Alois Nebel is a 2011 Czech animated drama / neo-noir directed by Tomáš Luňák, based on the comic-book trilogy by Jaroslav Rudiš and Jaromír 99.
It is set in the late 1980s in a small village in the Jeseník Mountains, close to the Polish border, and tells the story of a train dispatcher who begins to suffer from hallucinations where the present converges with the dark past of the expulsion of Germans after World War II. The black-and-white film was animated mainly through rotoscoping and stars Miroslav Krobot as the title character.
Ida (pronounced [ˈida]) is a 2013 Polish drama film directed by Paweł Pawlikowski and written by Pawlikowski and Rebecca Lenkiewicz. Set in Poland in 1962, it is about a young woman on the verge of taking vows as a Catholic nun. Orphaned as an infant during the German occupation of World War II, she must now meet her aunt.
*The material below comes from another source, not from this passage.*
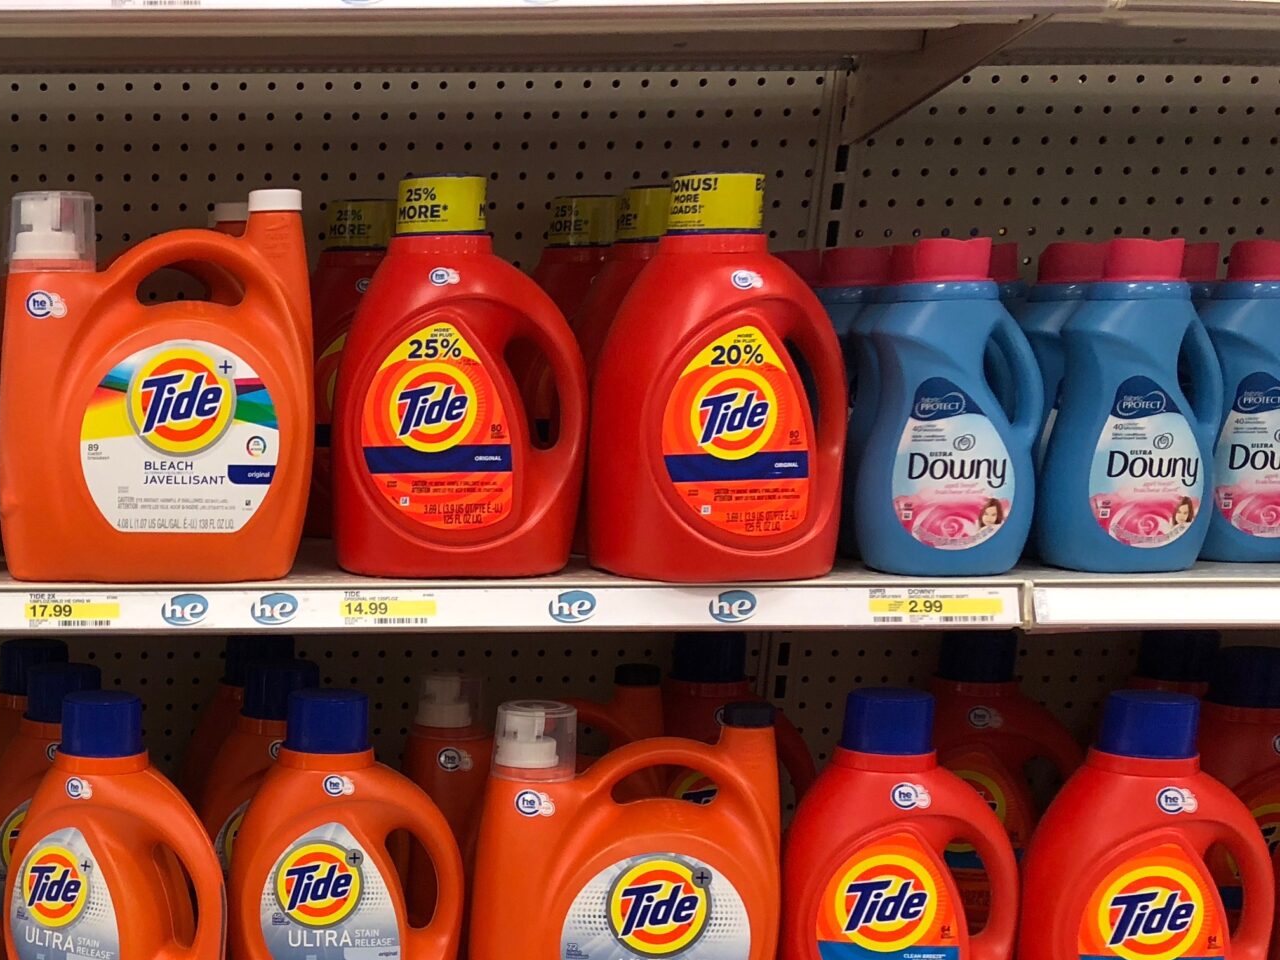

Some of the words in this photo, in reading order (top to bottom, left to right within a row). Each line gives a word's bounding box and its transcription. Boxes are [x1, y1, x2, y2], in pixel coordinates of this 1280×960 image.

The former Communist state prosecutor and only surviving relative tells her that her parents were Jewish. The two women embark on a road trip into the Polish countryside to learn the fate of their family.
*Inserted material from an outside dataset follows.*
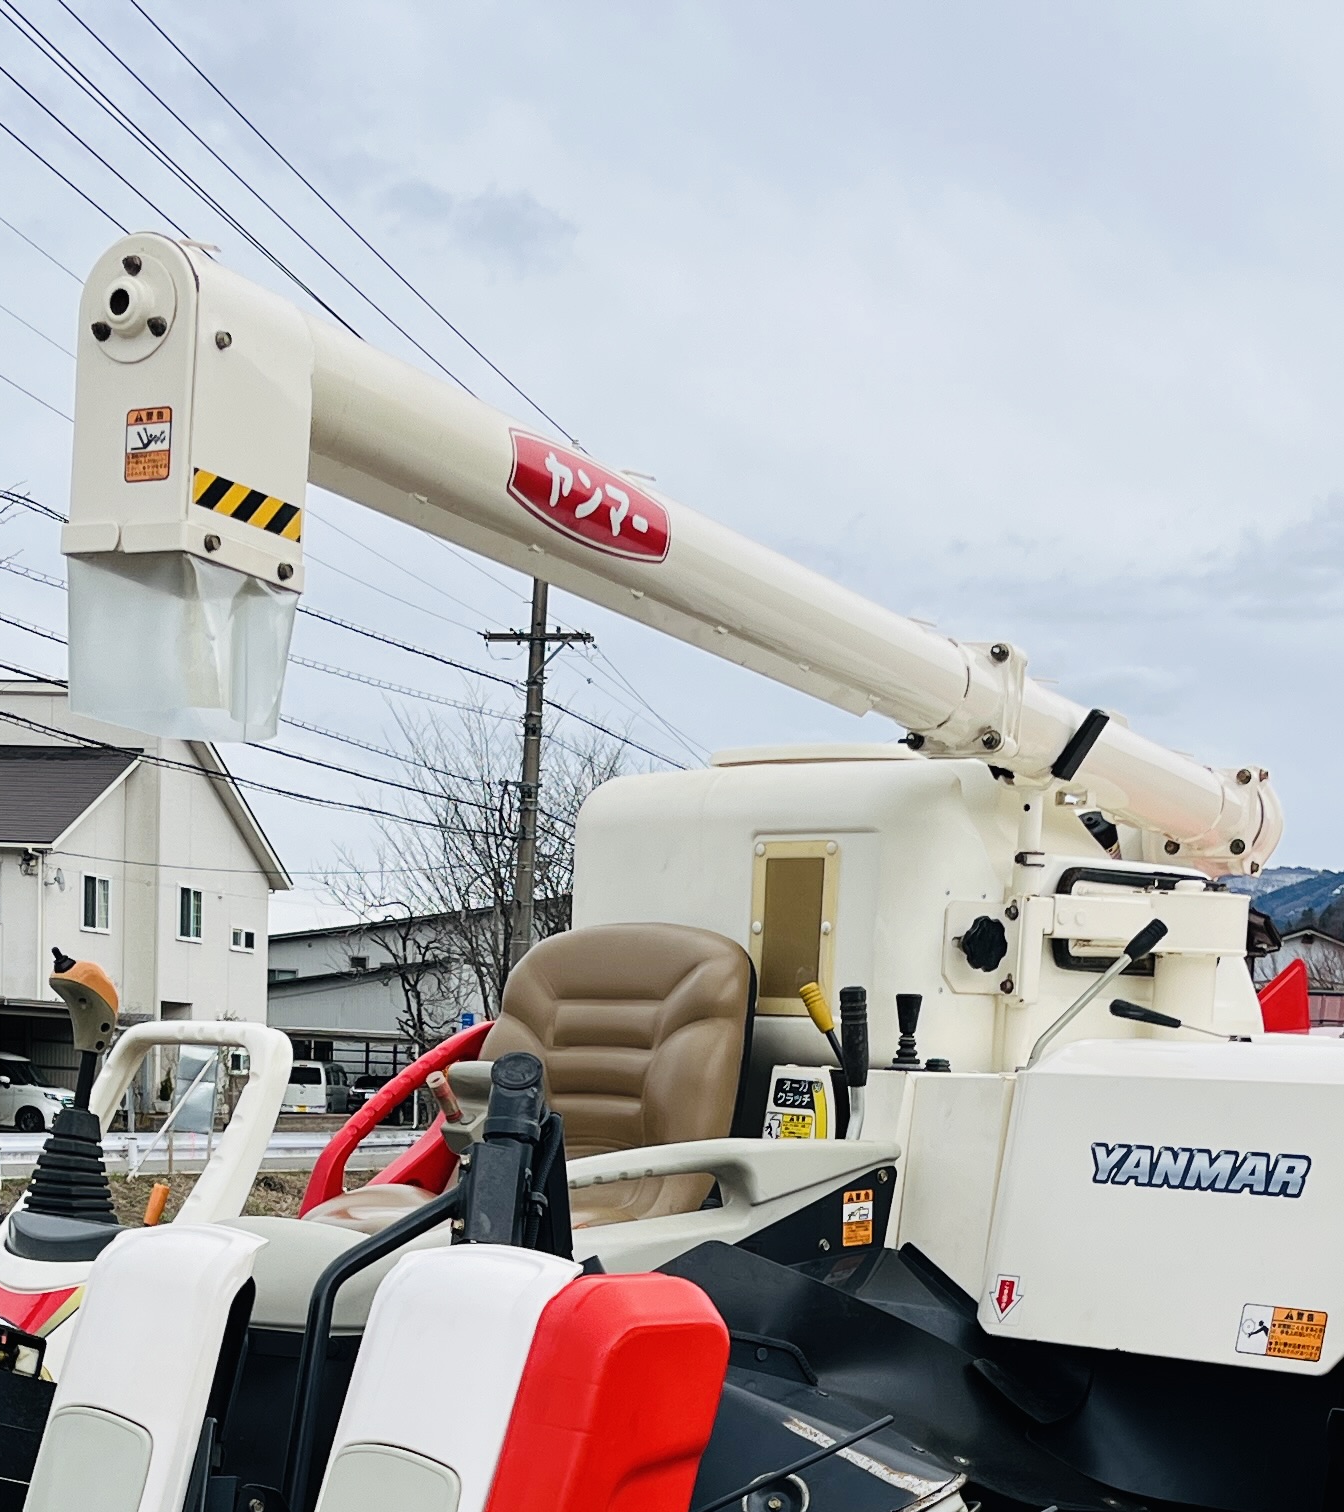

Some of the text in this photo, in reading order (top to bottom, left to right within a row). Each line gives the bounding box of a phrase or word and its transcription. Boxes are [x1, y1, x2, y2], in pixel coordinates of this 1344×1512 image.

[545, 452, 649, 537] ヤンマー
[777, 1092, 811, 1106] クラッチ
[782, 1080, 809, 1092] オーガ
[1091, 1142, 1312, 1198] YANMAR
Called a “compact masterpiece” and an “eerily beautiful road movie”, the film has also been said to “contain a cosmos of guilt, violence and pain”, even if certain historical events (German occupation of Poland, the Holocaust and Stalinism) remain unsaid: “none of this is stated, but all of it is built, so to speak, into the atmosphere: the country feels dead, the population sparse”. ( wiki )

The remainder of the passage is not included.